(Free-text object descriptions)
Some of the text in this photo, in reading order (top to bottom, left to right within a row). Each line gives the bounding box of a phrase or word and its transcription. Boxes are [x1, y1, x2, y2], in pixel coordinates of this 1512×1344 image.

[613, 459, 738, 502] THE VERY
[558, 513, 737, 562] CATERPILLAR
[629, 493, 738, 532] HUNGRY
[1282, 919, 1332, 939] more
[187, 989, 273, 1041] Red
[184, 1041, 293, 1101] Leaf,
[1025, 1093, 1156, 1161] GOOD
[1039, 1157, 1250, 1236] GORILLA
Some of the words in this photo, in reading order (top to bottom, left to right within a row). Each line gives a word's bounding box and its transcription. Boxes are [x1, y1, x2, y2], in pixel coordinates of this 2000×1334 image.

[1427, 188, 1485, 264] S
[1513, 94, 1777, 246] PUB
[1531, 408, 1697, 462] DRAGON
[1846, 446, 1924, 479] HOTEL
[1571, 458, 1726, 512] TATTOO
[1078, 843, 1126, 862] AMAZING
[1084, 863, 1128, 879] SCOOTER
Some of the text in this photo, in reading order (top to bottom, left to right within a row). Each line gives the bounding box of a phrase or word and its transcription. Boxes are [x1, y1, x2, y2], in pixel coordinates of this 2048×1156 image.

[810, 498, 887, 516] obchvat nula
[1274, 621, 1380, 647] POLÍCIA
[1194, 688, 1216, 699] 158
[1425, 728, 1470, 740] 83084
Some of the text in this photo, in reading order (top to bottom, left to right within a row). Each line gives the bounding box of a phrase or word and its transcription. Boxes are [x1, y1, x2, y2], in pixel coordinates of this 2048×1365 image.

• **PROBLEM TO WORK ON**
Produce an exact copy of each line from the one holding "Some of the words" through the last line of the records, both included, and nothing more.

• **TASK RESULT**
Some of the words in this photo, in reading order (top to bottom, left to right within a row). Each line gives a word's bounding box and its transcription. Boxes are [x1, y1, x2, y2], in pixel coordinates of this 2000×1334 image.

[1427, 188, 1485, 264] S
[1513, 94, 1777, 246] PUB
[1531, 408, 1697, 462] DRAGON
[1846, 446, 1924, 479] HOTEL
[1571, 458, 1726, 512] TATTOO
[1078, 843, 1126, 862] AMAZING
[1084, 863, 1128, 879] SCOOTER
Some of the text in this photo, in reading order (top to bottom, left to right within a row). Each line gives the bounding box of a phrase or word and its transcription. Boxes are [x1, y1, x2, y2], in pixel coordinates of this 2048×1156 image.

[810, 498, 887, 516] obchvat nula
[1274, 621, 1380, 647] POLÍCIA
[1194, 688, 1216, 699] 158
[1425, 728, 1470, 740] 83084
Some of the text in this photo, in reading order (top to bottom, left to right within a row). Each line gives the bounding box of a phrase or word and its transcription. Boxes are [x1, y1, x2, y2], in pixel coordinates of this 2048×1365 image.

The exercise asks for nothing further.